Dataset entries
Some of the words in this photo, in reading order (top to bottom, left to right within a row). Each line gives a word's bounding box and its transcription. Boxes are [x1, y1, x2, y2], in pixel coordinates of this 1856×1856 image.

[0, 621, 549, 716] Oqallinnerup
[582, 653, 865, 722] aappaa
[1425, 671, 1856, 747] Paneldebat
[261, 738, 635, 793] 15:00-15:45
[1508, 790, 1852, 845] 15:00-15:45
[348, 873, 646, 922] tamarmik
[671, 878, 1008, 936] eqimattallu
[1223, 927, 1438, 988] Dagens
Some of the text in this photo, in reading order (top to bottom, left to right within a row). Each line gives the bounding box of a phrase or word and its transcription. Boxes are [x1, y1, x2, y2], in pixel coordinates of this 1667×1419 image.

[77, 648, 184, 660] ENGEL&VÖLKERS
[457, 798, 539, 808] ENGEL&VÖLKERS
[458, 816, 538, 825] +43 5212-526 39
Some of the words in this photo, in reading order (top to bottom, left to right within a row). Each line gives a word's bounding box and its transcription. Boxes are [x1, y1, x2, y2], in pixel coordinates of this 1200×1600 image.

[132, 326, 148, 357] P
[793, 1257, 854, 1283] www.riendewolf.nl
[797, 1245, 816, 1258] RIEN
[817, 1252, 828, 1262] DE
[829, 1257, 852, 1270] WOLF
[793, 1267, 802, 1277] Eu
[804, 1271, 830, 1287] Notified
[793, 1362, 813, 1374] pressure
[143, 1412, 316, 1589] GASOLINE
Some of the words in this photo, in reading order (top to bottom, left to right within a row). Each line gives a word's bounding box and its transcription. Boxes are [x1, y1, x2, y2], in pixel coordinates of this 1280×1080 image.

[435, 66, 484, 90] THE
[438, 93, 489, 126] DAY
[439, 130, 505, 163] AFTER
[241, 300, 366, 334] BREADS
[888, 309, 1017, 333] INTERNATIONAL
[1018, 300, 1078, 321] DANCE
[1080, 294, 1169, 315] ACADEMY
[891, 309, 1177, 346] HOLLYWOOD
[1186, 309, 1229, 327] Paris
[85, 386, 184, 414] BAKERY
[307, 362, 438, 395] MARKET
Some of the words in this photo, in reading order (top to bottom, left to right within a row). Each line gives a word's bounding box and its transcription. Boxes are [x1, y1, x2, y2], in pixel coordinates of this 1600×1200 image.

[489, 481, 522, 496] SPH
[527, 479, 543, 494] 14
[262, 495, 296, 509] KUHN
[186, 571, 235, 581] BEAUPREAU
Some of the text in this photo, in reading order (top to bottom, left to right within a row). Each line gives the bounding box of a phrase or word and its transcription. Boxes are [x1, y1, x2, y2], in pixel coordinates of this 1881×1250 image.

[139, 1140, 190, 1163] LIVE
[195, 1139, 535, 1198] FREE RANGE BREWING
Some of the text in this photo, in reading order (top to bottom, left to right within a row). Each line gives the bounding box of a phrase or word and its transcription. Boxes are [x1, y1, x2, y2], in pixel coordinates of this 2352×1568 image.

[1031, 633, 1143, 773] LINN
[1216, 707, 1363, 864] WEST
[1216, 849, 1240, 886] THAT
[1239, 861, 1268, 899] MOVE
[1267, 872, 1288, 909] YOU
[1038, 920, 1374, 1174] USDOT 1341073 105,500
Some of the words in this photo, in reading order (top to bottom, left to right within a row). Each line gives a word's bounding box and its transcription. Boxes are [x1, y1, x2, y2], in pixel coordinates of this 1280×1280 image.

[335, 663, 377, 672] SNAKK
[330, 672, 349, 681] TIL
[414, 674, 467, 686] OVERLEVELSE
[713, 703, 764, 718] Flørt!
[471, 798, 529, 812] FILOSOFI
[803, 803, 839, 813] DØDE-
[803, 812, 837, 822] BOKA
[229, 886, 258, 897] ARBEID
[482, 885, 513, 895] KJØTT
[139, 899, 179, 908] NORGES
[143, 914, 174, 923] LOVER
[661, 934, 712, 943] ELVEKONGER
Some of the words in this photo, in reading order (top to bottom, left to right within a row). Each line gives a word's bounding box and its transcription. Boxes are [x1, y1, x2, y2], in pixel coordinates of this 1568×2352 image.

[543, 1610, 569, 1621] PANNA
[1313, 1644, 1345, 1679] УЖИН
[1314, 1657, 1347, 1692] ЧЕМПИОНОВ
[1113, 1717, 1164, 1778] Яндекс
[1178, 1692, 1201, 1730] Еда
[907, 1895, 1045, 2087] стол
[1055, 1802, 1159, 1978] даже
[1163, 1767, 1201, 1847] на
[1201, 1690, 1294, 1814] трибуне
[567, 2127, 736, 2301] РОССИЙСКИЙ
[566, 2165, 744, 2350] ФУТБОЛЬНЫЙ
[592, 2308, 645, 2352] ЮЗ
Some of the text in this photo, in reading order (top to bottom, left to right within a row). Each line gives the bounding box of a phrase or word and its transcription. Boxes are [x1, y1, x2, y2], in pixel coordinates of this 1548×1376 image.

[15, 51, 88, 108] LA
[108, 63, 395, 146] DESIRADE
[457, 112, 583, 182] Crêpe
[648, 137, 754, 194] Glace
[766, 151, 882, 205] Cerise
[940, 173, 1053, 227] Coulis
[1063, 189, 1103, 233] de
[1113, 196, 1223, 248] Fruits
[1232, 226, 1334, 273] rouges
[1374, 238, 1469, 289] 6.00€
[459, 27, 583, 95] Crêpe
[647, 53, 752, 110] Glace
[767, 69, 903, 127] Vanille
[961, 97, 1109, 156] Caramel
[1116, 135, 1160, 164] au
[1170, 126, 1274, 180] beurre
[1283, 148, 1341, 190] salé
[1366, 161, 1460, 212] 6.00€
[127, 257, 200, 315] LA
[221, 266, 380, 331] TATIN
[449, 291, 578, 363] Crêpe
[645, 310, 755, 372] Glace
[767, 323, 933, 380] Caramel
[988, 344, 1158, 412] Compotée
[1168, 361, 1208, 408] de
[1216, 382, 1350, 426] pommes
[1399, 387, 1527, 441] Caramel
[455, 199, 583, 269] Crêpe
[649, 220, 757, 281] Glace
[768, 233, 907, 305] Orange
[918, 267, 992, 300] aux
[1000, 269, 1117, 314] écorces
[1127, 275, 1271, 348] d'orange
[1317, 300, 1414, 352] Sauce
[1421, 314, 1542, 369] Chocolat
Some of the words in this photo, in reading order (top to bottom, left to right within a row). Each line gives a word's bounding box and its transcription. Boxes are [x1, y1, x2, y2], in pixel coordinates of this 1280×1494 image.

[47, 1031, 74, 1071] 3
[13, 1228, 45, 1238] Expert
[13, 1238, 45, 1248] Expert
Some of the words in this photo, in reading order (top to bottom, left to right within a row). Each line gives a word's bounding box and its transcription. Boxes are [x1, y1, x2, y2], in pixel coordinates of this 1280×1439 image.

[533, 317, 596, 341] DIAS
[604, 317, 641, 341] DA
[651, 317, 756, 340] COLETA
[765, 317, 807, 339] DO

-- Work instruction --
So that nothing is lost, please repeat all of the entries exactly.

-- Task answer --
Some of the words in this photo, in reading order (top to bottom, left to right within a row). Each line gives a word's bounding box and its transcription. Boxes are [x1, y1, x2, y2], in pixel coordinates of this 1856×1856 image.

[0, 621, 549, 716] Oqallinnerup
[582, 653, 865, 722] aappaa
[1425, 671, 1856, 747] Paneldebat
[261, 738, 635, 793] 15:00-15:45
[1508, 790, 1852, 845] 15:00-15:45
[348, 873, 646, 922] tamarmik
[671, 878, 1008, 936] eqimattallu
[1223, 927, 1438, 988] Dagens
Some of the text in this photo, in reading order (top to bottom, left to right within a row). Each line gives the bounding box of a phrase or word and its transcription. Boxes are [x1, y1, x2, y2], in pixel coordinates of this 1667×1419 image.

[77, 648, 184, 660] ENGEL&VÖLKERS
[457, 798, 539, 808] ENGEL&VÖLKERS
[458, 816, 538, 825] +43 5212-526 39
Some of the words in this photo, in reading order (top to bottom, left to right within a row). Each line gives a word's bounding box and its transcription. Boxes are [x1, y1, x2, y2], in pixel coordinates of this 1200×1600 image.

[132, 326, 148, 357] P
[793, 1257, 854, 1283] www.riendewolf.nl
[797, 1245, 816, 1258] RIEN
[817, 1252, 828, 1262] DE
[829, 1257, 852, 1270] WOLF
[793, 1267, 802, 1277] Eu
[804, 1271, 830, 1287] Notified
[793, 1362, 813, 1374] pressure
[143, 1412, 316, 1589] GASOLINE
Some of the words in this photo, in reading order (top to bottom, left to right within a row). Each line gives a word's bounding box and its transcription. Boxes are [x1, y1, x2, y2], in pixel coordinates of this 1280×1080 image.

[435, 66, 484, 90] THE
[438, 93, 489, 126] DAY
[439, 130, 505, 163] AFTER
[241, 300, 366, 334] BREADS
[888, 309, 1017, 333] INTERNATIONAL
[1018, 300, 1078, 321] DANCE
[1080, 294, 1169, 315] ACADEMY
[891, 309, 1177, 346] HOLLYWOOD
[1186, 309, 1229, 327] Paris
[85, 386, 184, 414] BAKERY
[307, 362, 438, 395] MARKET
Some of the words in this photo, in reading order (top to bottom, left to right within a row). Each line gives a word's bounding box and its transcription. Boxes are [x1, y1, x2, y2], in pixel coordinates of this 1600×1200 image.

[489, 481, 522, 496] SPH
[527, 479, 543, 494] 14
[262, 495, 296, 509] KUHN
[186, 571, 235, 581] BEAUPREAU
Some of the text in this photo, in reading order (top to bottom, left to right within a row). Each line gives the bounding box of a phrase or word and its transcription. Boxes are [x1, y1, x2, y2], in pixel coordinates of this 1881×1250 image.

[139, 1140, 190, 1163] LIVE
[195, 1139, 535, 1198] FREE RANGE BREWING
Some of the text in this photo, in reading order (top to bottom, left to right within a row). Each line gives the bounding box of a phrase or word and its transcription. Boxes are [x1, y1, x2, y2], in pixel coordinates of this 2352×1568 image.

[1031, 633, 1143, 773] LINN
[1216, 707, 1363, 864] WEST
[1216, 849, 1240, 886] THAT
[1239, 861, 1268, 899] MOVE
[1267, 872, 1288, 909] YOU
[1038, 920, 1374, 1174] USDOT 1341073 105,500
Some of the words in this photo, in reading order (top to bottom, left to right within a row). Each line gives a word's bounding box and its transcription. Boxes are [x1, y1, x2, y2], in pixel coordinates of this 1280×1280 image.

[335, 663, 377, 672] SNAKK
[330, 672, 349, 681] TIL
[414, 674, 467, 686] OVERLEVELSE
[713, 703, 764, 718] Flørt!
[471, 798, 529, 812] FILOSOFI
[803, 803, 839, 813] DØDE-
[803, 812, 837, 822] BOKA
[229, 886, 258, 897] ARBEID
[482, 885, 513, 895] KJØTT
[139, 899, 179, 908] NORGES
[143, 914, 174, 923] LOVER
[661, 934, 712, 943] ELVEKONGER
Some of the words in this photo, in reading order (top to bottom, left to right within a row). Each line gives a word's bounding box and its transcription. Boxes are [x1, y1, x2, y2], in pixel coordinates of this 1568×2352 image.

[543, 1610, 569, 1621] PANNA
[1313, 1644, 1345, 1679] УЖИН
[1314, 1657, 1347, 1692] ЧЕМПИОНОВ
[1113, 1717, 1164, 1778] Яндекс
[1178, 1692, 1201, 1730] Еда
[907, 1895, 1045, 2087] стол
[1055, 1802, 1159, 1978] даже
[1163, 1767, 1201, 1847] на
[1201, 1690, 1294, 1814] трибуне
[567, 2127, 736, 2301] РОССИЙСКИЙ
[566, 2165, 744, 2350] ФУТБОЛЬНЫЙ
[592, 2308, 645, 2352] ЮЗ
Some of the text in this photo, in reading order (top to bottom, left to right within a row). Each line gives the bounding box of a phrase or word and its transcription. Boxes are [x1, y1, x2, y2], in pixel coordinates of this 1548×1376 image.

[15, 51, 88, 108] LA
[108, 63, 395, 146] DESIRADE
[457, 112, 583, 182] Crêpe
[648, 137, 754, 194] Glace
[766, 151, 882, 205] Cerise
[940, 173, 1053, 227] Coulis
[1063, 189, 1103, 233] de
[1113, 196, 1223, 248] Fruits
[1232, 226, 1334, 273] rouges
[1374, 238, 1469, 289] 6.00€
[459, 27, 583, 95] Crêpe
[647, 53, 752, 110] Glace
[767, 69, 903, 127] Vanille
[961, 97, 1109, 156] Caramel
[1116, 135, 1160, 164] au
[1170, 126, 1274, 180] beurre
[1283, 148, 1341, 190] salé
[1366, 161, 1460, 212] 6.00€
[127, 257, 200, 315] LA
[221, 266, 380, 331] TATIN
[449, 291, 578, 363] Crêpe
[645, 310, 755, 372] Glace
[767, 323, 933, 380] Caramel
[988, 344, 1158, 412] Compotée
[1168, 361, 1208, 408] de
[1216, 382, 1350, 426] pommes
[1399, 387, 1527, 441] Caramel
[455, 199, 583, 269] Crêpe
[649, 220, 757, 281] Glace
[768, 233, 907, 305] Orange
[918, 267, 992, 300] aux
[1000, 269, 1117, 314] écorces
[1127, 275, 1271, 348] d'orange
[1317, 300, 1414, 352] Sauce
[1421, 314, 1542, 369] Chocolat
Some of the words in this photo, in reading order (top to bottom, left to right within a row). Each line gives a word's bounding box and its transcription. Boxes are [x1, y1, x2, y2], in pixel coordinates of this 1280×1494 image.

[47, 1031, 74, 1071] 3
[13, 1228, 45, 1238] Expert
[13, 1238, 45, 1248] Expert
Some of the words in this photo, in reading order (top to bottom, left to right within a row). Each line gives a word's bounding box and its transcription. Boxes are [x1, y1, x2, y2], in pixel coordinates of this 1280×1439 image.

[533, 317, 596, 341] DIAS
[604, 317, 641, 341] DA
[651, 317, 756, 340] COLETA
[765, 317, 807, 339] DO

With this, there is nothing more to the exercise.